Он, как и многие — сыны гор Индии, был от природы рослым. Волосы — русые с проседью, серые большие глаза с длинными ресницами. Его можно было принять за европейца, но мягкие черты лица, тяжеловатые веки, да само осознание себя в мире, вековые религиозно-философские воззрения индийца отражались в его манере держаться, разговаривать и совершать поступки.

— Счастье — это когда хорошо? Да, господин? — спросил Мумба, пригнув голову под набегавшую на него ветку медоносной акации.

Водитель усмехнулся, не отрывая спокойного и довольного взгляда от узкой дороги.

— Верно, дорогой Мумба. Но счастье никогда не бывает всеобъемлющим. Как бы тебе это сказать… — Джавар вздрогнул от неожиданности: машина вильнула, пропуская стадо буйволов, которое галопом пронеслось мимо них с оглушительным топотом, расталкивая и сминая попадающихся им на пути газелей.

— Недалеко находится илистое озерцо. Видимо, там они и отлеживаются, — заметил водитель.

— Да, шерсти у буйволов маловато, и, чтобы уберечься хоть немного от слепней и оводов, они старательно вымазываются грязью, — дополнил замечание водителя Джавар. Вообще-то он сочувствовал любой живой твари на земле. Трудно всем жить и выживать, давать потомство и растить его. И снова ему вспомнился Ананд.

«Завтра же позвоню! Письмо и фотографию он уже, видимо, получил», — думал Джавар.

— Хозяин, так почему оно не бывает полным, это счастье? — возобновил прерванный буйволами разговор африканский Аполлон по имени Мумба.

— Видишь ли, счастье не может быть всеобъемлющим… пока. В будущем — не знаю. Оно предусматривает обязательное самоограничение. Например, как ты можешь быть счастлив, если кто-то из твоего племени страдает, болеет, умирает в нищете? Поэтому всеобщее счастье — это пока мечта человечества.

— А когда наши племена: скотоводы, кочевники и охотники, — жили своими законами, у нас было «всеобщее», как вы выразились, полное счастье. Пока не было европейцев.

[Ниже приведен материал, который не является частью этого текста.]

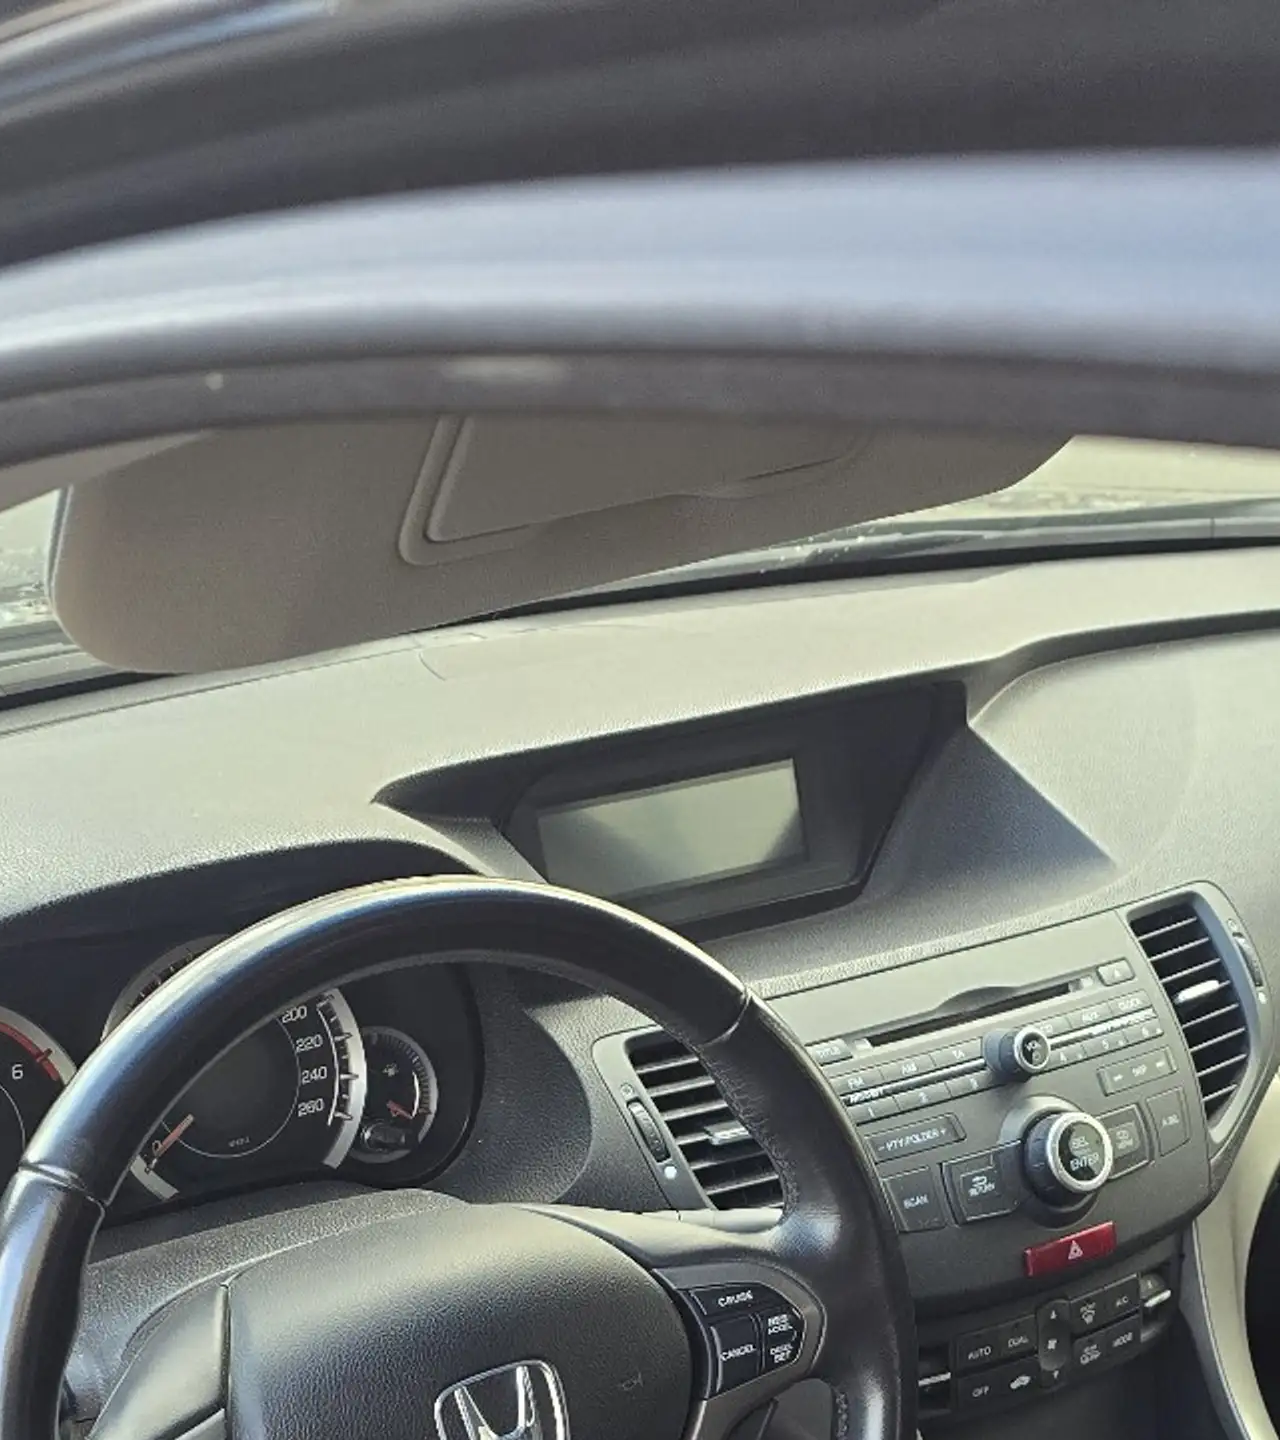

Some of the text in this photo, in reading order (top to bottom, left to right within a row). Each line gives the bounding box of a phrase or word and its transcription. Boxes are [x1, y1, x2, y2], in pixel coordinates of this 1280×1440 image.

— Да, никто не заставлял Адама есть яблоко добра и зла. Съел он это яблоко — и потерял рай. Счастье — это когда твое сознание, твои дела и обстоятельства согласованны, но обязательно в определенном круге, замкнутом, не выходящим за мир локальный. Стоит выйти в мир, «лежащий во зле», — и прощай твое счастье, Мумба! Вот пока мы здесь втроем в природе, среди нее, и она, ожившая в нас, соединилась с окружающим, мы счастливы все трое и любим друг друга, отсюда счастье — любовь, брат мой Мумба!

— Я — твой «брат»? — мягко улыбнулся Мумба.

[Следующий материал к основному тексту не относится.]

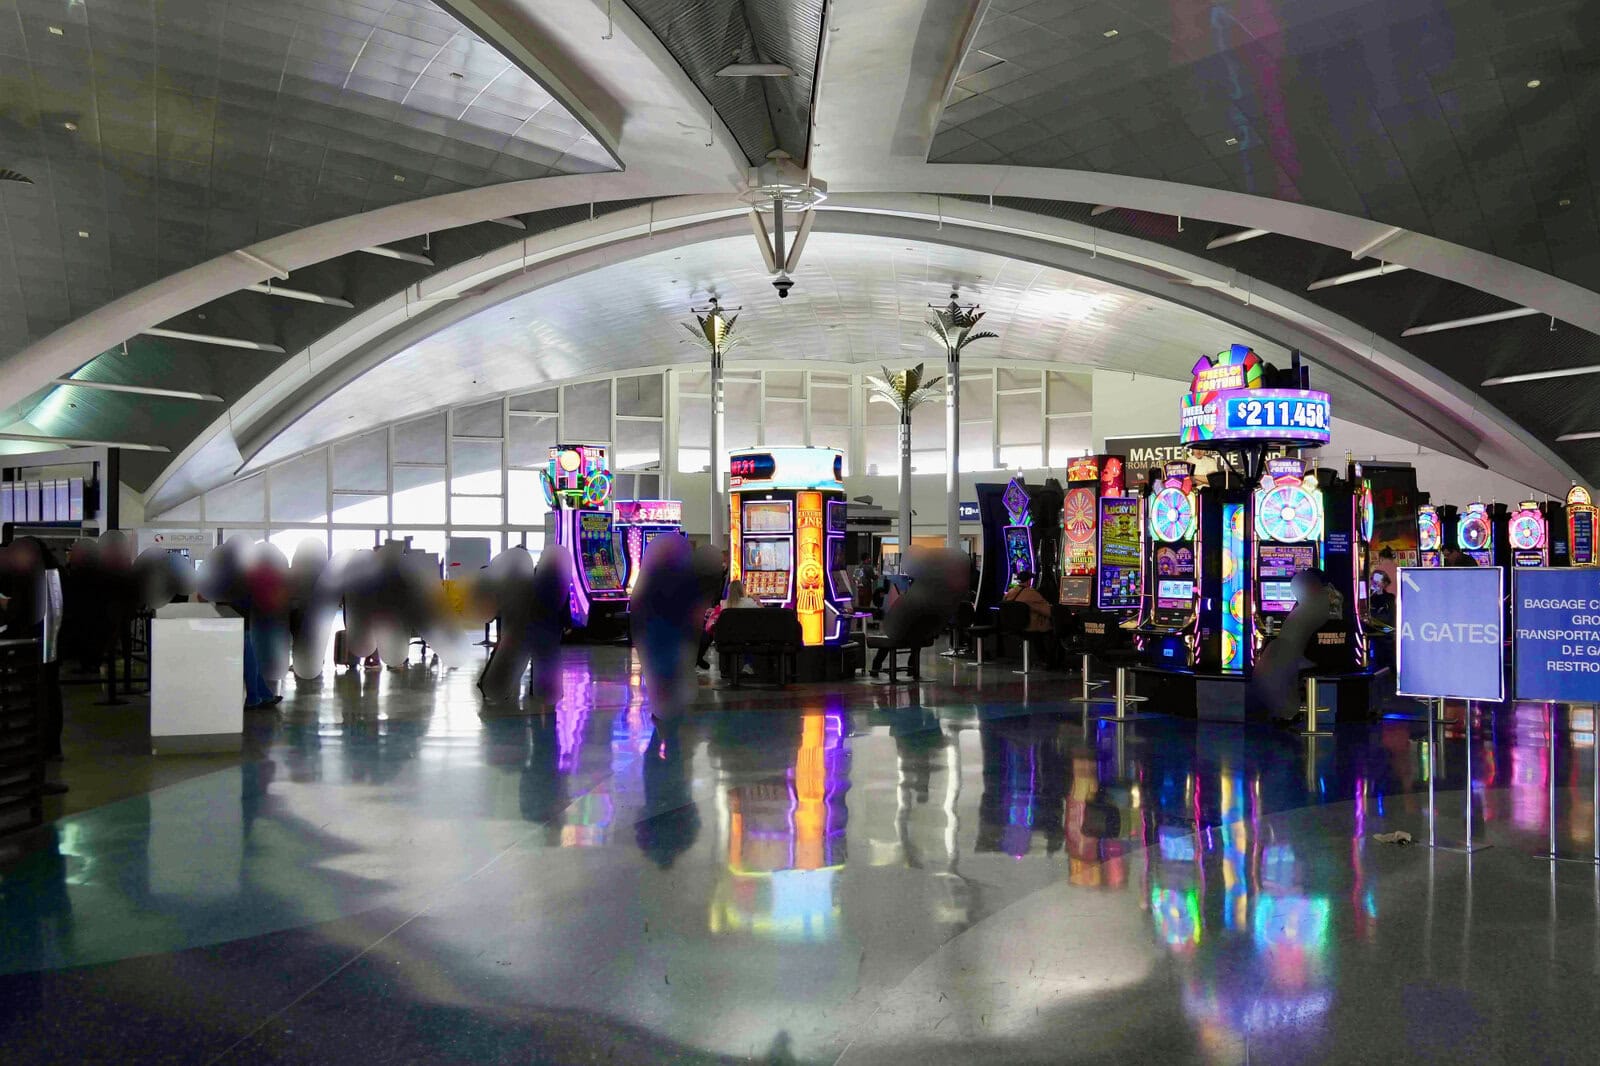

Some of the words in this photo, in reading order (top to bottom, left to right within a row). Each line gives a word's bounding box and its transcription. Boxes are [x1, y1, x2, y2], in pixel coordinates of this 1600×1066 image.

— Конечно. Все люди братья перед Богом. И тогда, когда они счастливы, они чувствуют Бога в себе и любят друг друга, ибо Бог един, Мумба.

Вдали, пылая в закатных лучах солнца, высилась гора Кения, или Белая гора. Ее снежная вершина ослепительно сияла на фоне голубого неба.

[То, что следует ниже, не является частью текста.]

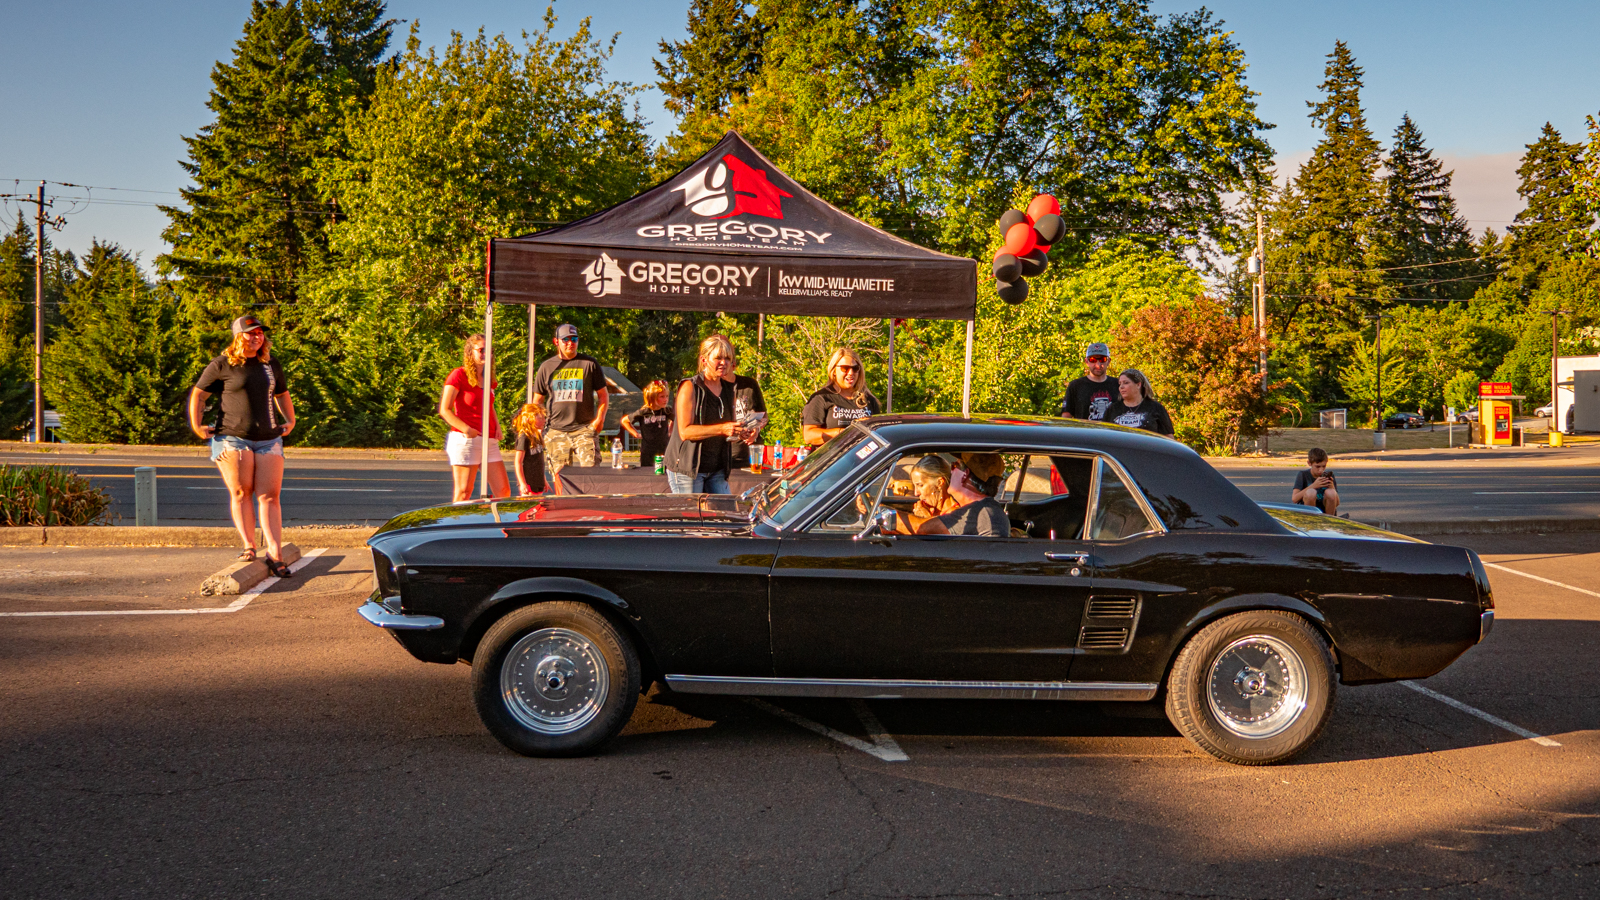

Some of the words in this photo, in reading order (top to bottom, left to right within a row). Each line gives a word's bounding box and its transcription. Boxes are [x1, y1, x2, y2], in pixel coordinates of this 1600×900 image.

[637, 220, 832, 244] GREGORY
[670, 234, 732, 242] HOME
[747, 235, 805, 246] TEAM
[628, 261, 759, 287] GREGORY
[778, 270, 803, 287] kw
[803, 276, 894, 292] MID-WILLAMETTE
[649, 285, 690, 294] HOME
[699, 286, 738, 296] TEAM
[830, 290, 853, 298] REALTY
[556, 370, 579, 379] WORK
[556, 380, 580, 389] REST
[557, 391, 580, 400] PLAY
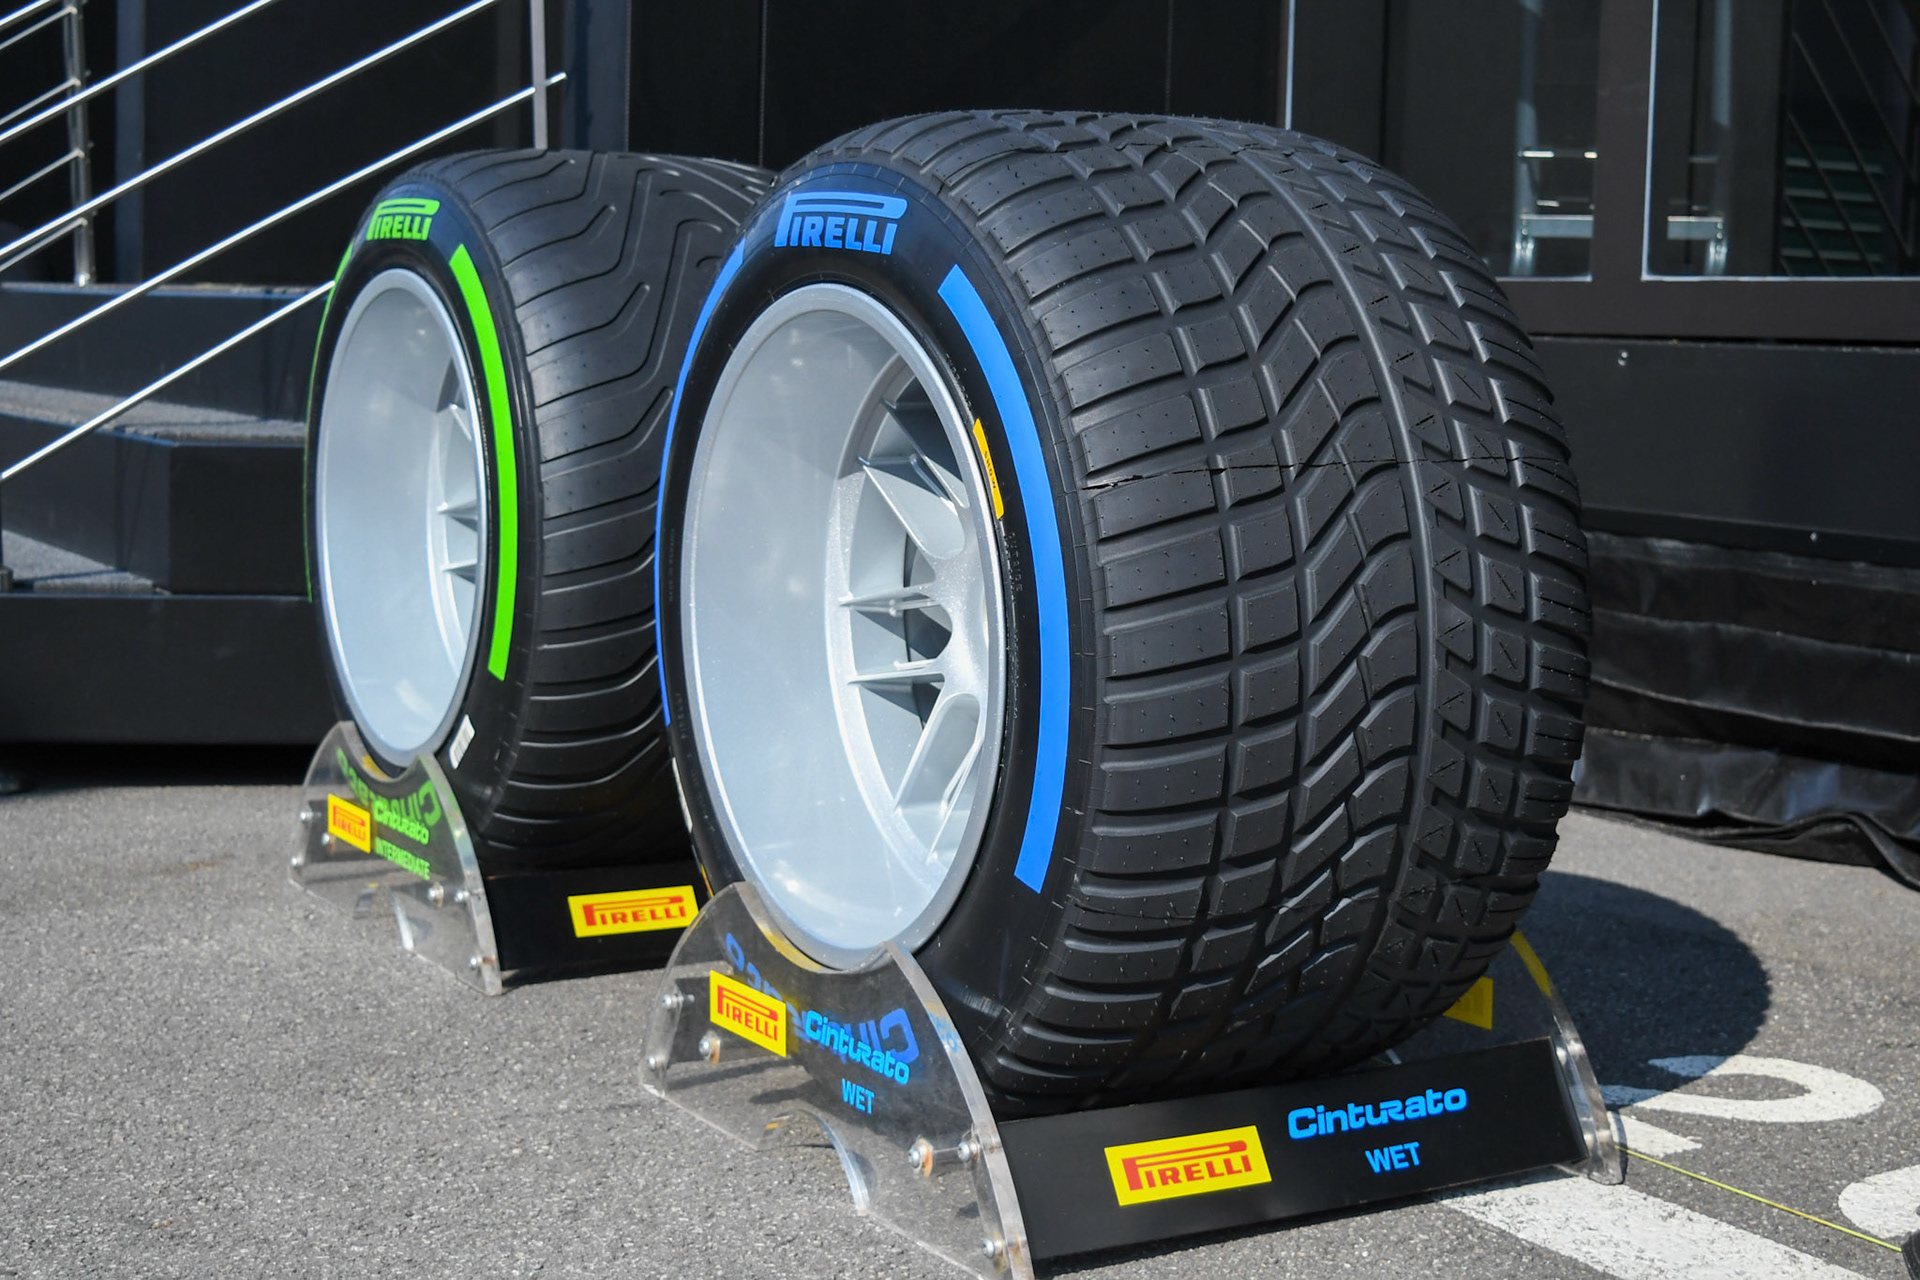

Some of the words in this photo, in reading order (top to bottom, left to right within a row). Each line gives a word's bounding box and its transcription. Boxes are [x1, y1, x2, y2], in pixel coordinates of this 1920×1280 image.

[366, 198, 441, 241] PIRELLI
[774, 191, 908, 255] PIRELLI
[333, 805, 367, 842] PIRELLI
[375, 837, 431, 881] INTERMEDIATE
[582, 896, 686, 927] PIRELLI
[717, 984, 779, 1042] PIRELLI
[805, 1010, 911, 1085] Cinturato
[841, 1078, 876, 1115] WET
[1287, 1087, 1468, 1139] Cinturato
[1121, 1139, 1253, 1191] PIRELLI
[1365, 1141, 1420, 1174] WET

— Останови, пожалуйста, на минуту, Джойс, — попросил шофера Джавар, — полюбуемся!

— Километров сто будет до горы? — спросил Мумба, задрав голову.

— Конечно, — ответил Джойс и почесал затылок, — красота-то какая!

Несколько минут охотники молчали.

— Когда человек человеку — враг, он никогда не бывает счастлив. Я это знаю, — сказал Мумба.

По нему было видно, что слова его хозяина, его брата и друга, глубоко затронули то потаенное, чего не может осознать и выразить человек.

Машина снова тронулась в путь. Солнце уже закатилось, и лишь Белая гора сияла в его уходящих на другую сторону планеты лучах, только она видела сейчас солнце.